Energy development and generation will always have some negative impacts. Tradeoffs are unavoidable. However, in The Power of Rivers, we demonstrate that many impacts can be avoided or reduced and that tradeoffs can be eased. Importantly, the report also shows that this direction makes economic sense for countries and provides financial value to dam developers.
These better outcomes arise by shifting the scale of hydropower planning and management – decisions about which projects get built and how they are operated – away from single dams and towards the system scale: an approach called Hydropower by Design (HbD).
In an earlier report, we showed that global application of HbD could result in 100,000km more free-flowing rivers for the level of development projected for 2050, but only if there is broad uptake within the hydropower sector. Catalyzing widespread adoption will require that diverse decision makers see value beyond just environmental gains. And this is what The Power of Rivers is designed to do – drawing on a series of quantitative case studies to demonstrate to governments, developers and funders that HbD can provide value to them.
For governments and development organizations, the report demonstrates that HbD can deliver a ‘better deal’ for development in the form of improved economic performance across a range of sectors and resources. In river basins across the world, hydropower development and management will interact with water management services – including water supply, flood-risk management and irrigation storage – that have an aggregate estimated value of up to nearly US$800 billion per year. Hydropower that is planned and operated as part of a larger system has the potential to increase the benefits from these services. The report shows that implementation of HbD within river basins could result in improved performance in these other important economic values – ranging from 5 per cent to 50 per cent for the same or even greater electricity generation, relative to status quo development and operation.
These gains could often be achieved alongside large improvements in environmental performance, such as dramatic increases in the length of rivers accessible to migratory fish, ranging from hundreds to tens of thousands of kilometers – critical since hydropower development will be concentrated in river basins that support the highest levels of fish harvest and the highest diversity of fish species.
As promising as these results are, sustainable plans are unlikely to be implemented if they are composed of financially non-viable projects that can’t attract investment. But as a case study on the Magdalena River basin in Colombia demonstrates, through HbD, a strategic and sustainable system could be composed of individual projects with improved financial performance compared to current approaches, based on two significant sources of value – system-scale engineering efficiencies and improved risk management.
Undoubtedly, system-scale approaches can move hydropower development and management toward more sustainable outcomes with broader benefits. Ultimately, however, the most comprehensive and balanced solutions for the climate, energy and nature may emerge from strategic planning across multiple energy sources at the scale of a grid – comparing how different mixes of renewables perform in term of both energy systems and ecosystems.
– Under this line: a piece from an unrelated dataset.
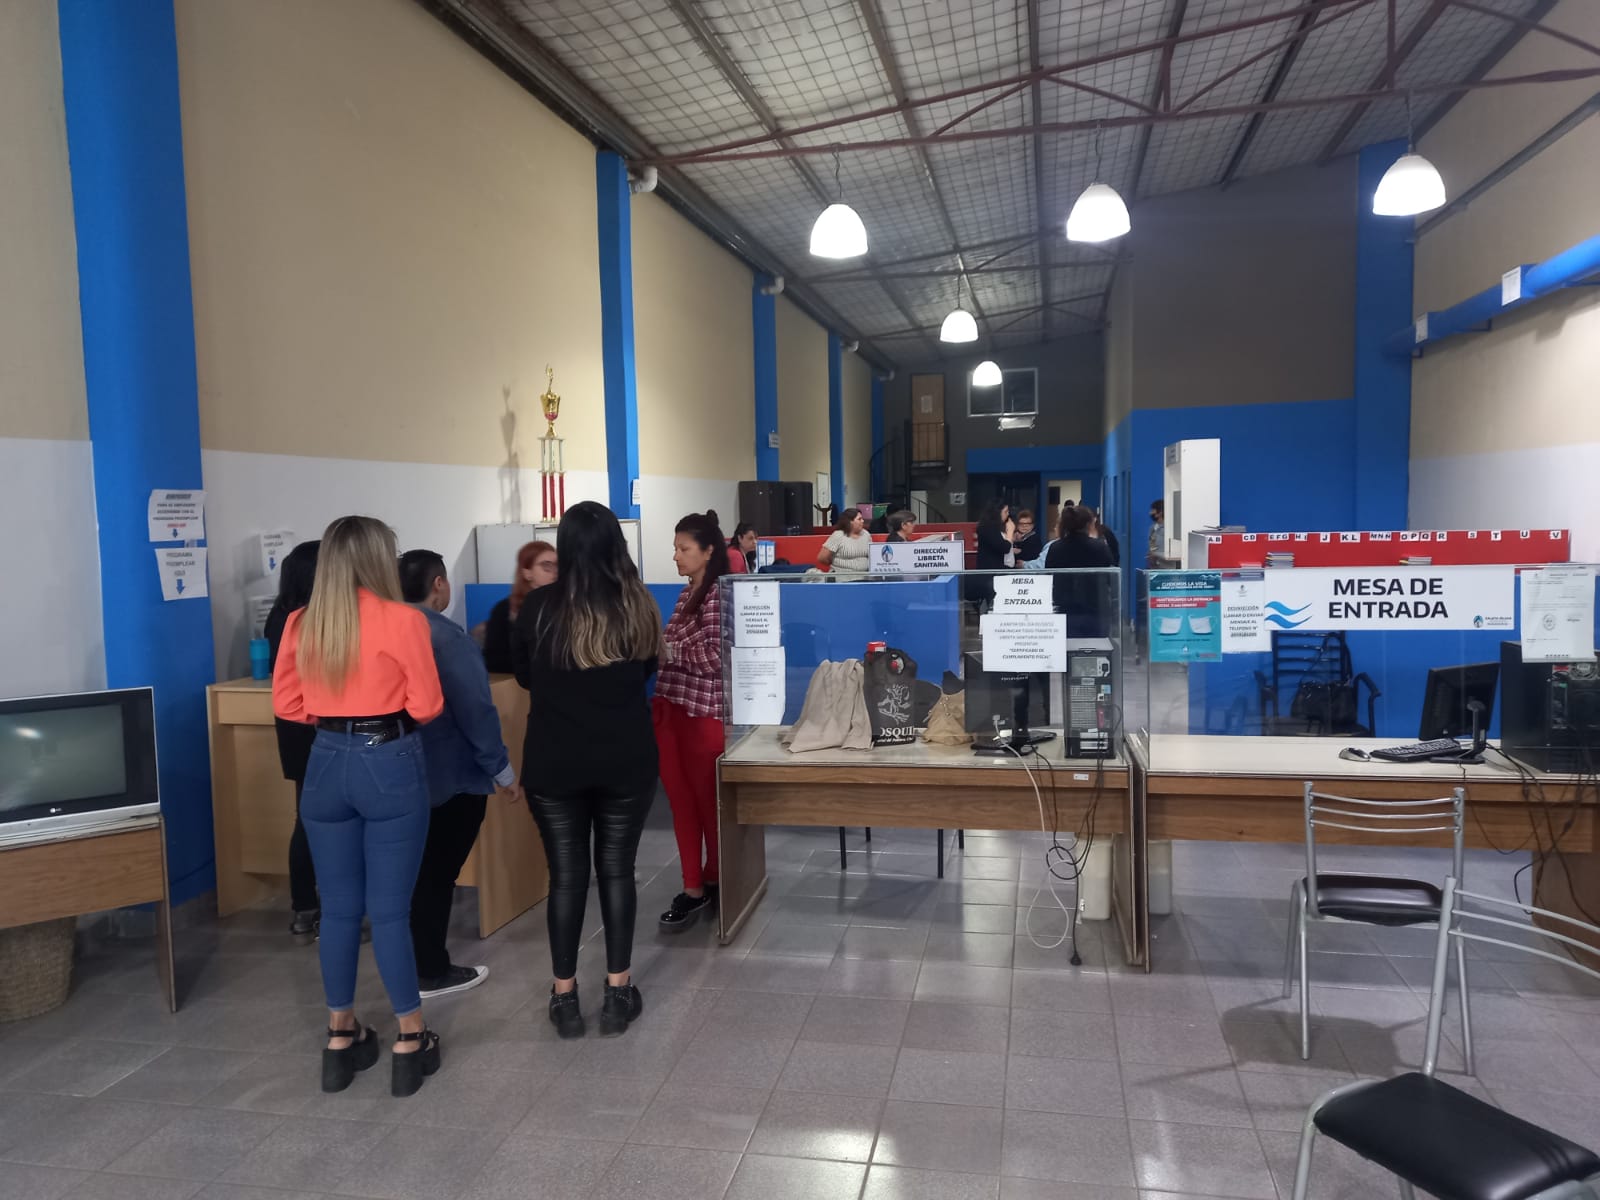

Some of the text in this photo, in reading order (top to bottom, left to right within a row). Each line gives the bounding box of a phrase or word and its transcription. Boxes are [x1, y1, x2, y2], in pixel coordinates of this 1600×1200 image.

Indeed, a case study on Malaysian Borneo shows how decentralized renewable sources, added to existing hydropower dams, could meet future electricity demand at a lower investment cost than additional hydropower dams, with far lower impacts on forests, rivers and indigenous people. This type of integrated planning illustrates how and where hydropower can best contribute to low-carbon and sustainable energy systems, helping to meet that challenge of achieving a world with a stable climate, prosperous societies and healthy rivers.
Now, we just have to convince governments, funders and developers to make the shift – for their own and everyone else’s benefit.